Tourists enjoy leisure time at a rose garden in Daixi Town of Huzhou City, east China's Zhejiang Province,
April 20, 2023. [Photo/Xinhua]
China announced a plan on Thursday to set up around five national botanical gardens by 2025 amid the country's effort to build a national botanical garden system for better protection of plant-diversity.
By 2025, the proposed gardens will place more than 70 percent of the country's key state-protected wild plants and more than 55 percent of rare and endangered wild plants under ex-situ conservation, according to the layout plan of a national botanical garden system released by the National Forestry and Grassland Administration.

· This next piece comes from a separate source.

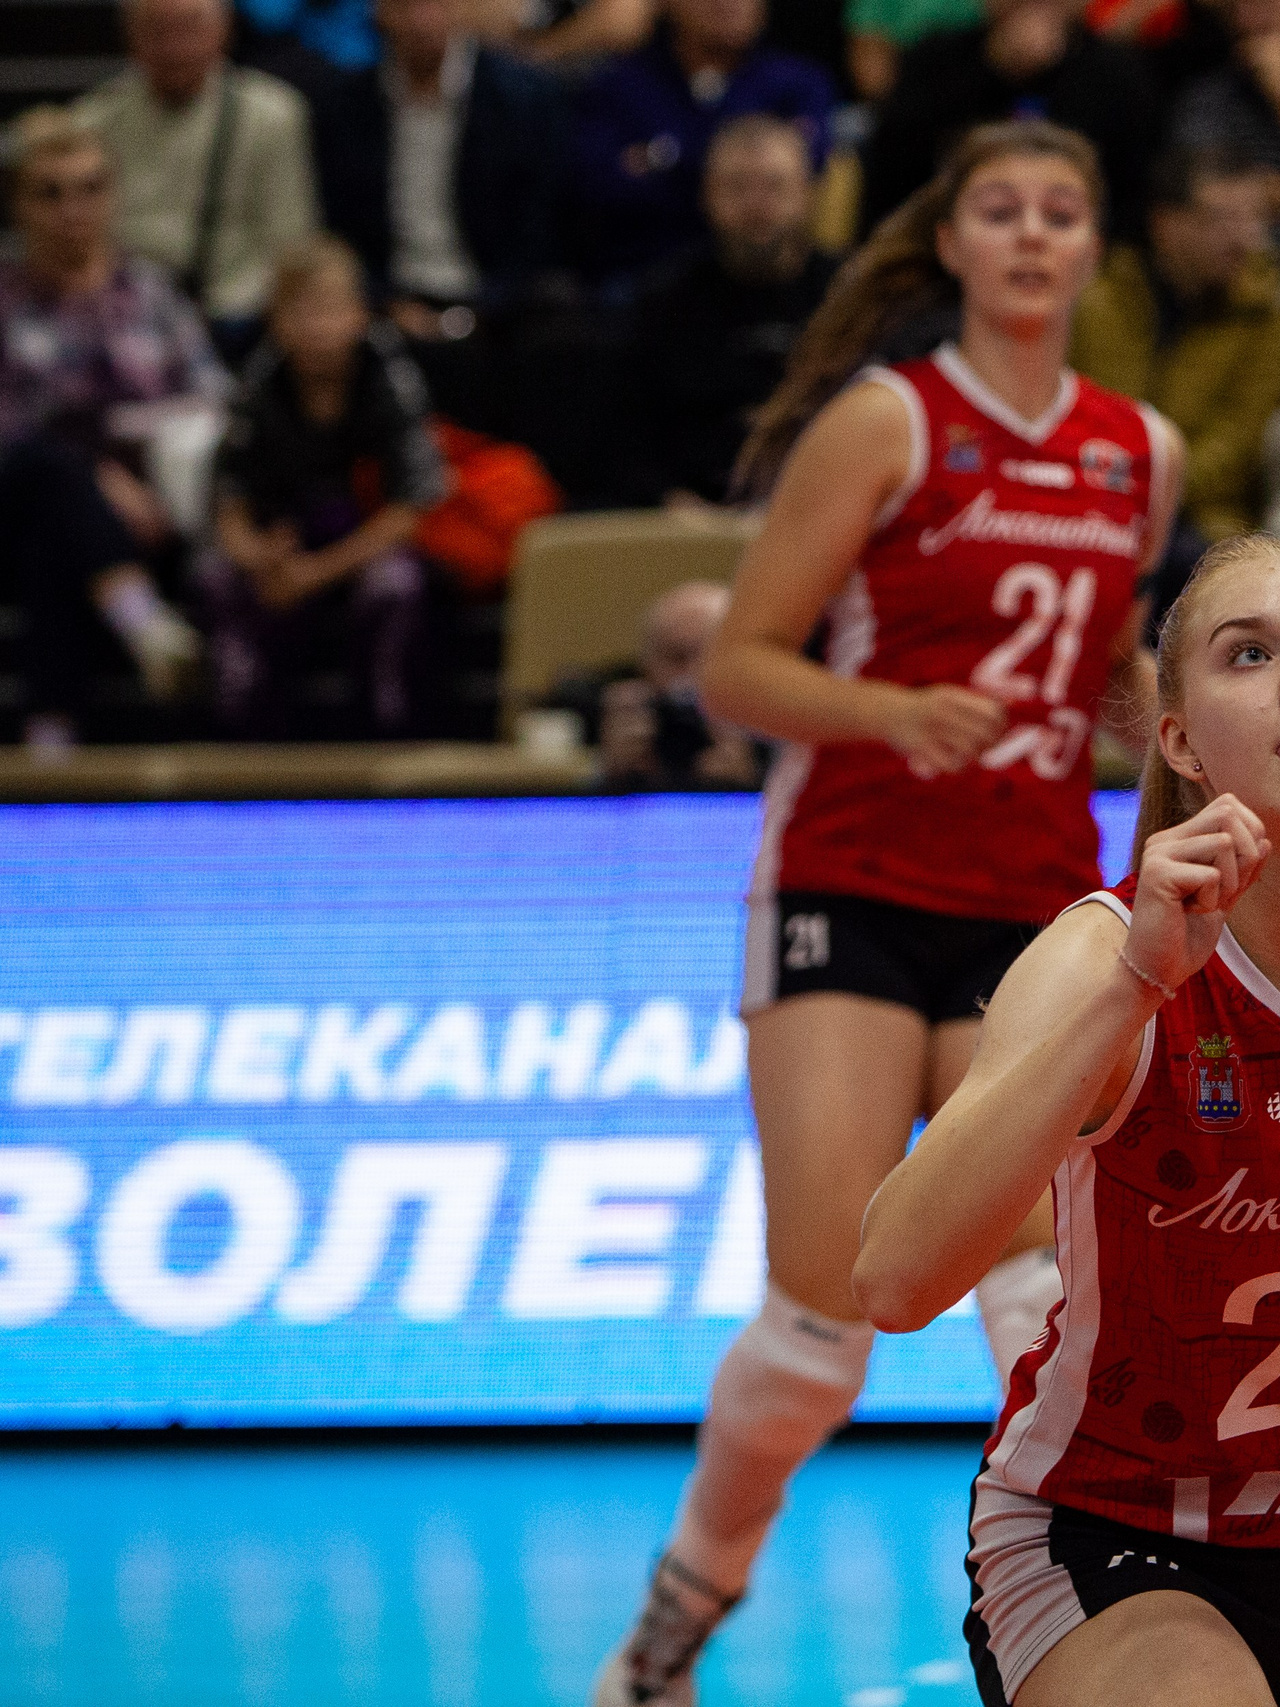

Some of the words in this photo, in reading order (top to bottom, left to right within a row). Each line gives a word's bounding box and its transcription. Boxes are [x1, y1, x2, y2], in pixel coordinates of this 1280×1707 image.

[969, 561, 1097, 704] 21
[784, 912, 830, 969] 21
[0, 1004, 748, 1103] ЕЛЕКАНА

Under the plan, the country will aim to bring the number of national botanical gardens to around 10 by 2035. They are expected to provide ex-situ conservation for more than 80 percent of the country's key state-protected wild plants and more than 70 percent of rare and endangered wild plants, basically forming a national botanical garden system.
The country now has two national botanical gardens, with one situated in Beijing and the other in Guangzhou, capital of Guangdong Province.
China is one of the countries with the greatest plant diversity, providing habitats for over 38,000 types of higher plants. It currently has nearly 200 botanical gardens, where 60 percent of the country's native plant types are under ex-situ conservation, according to the administration.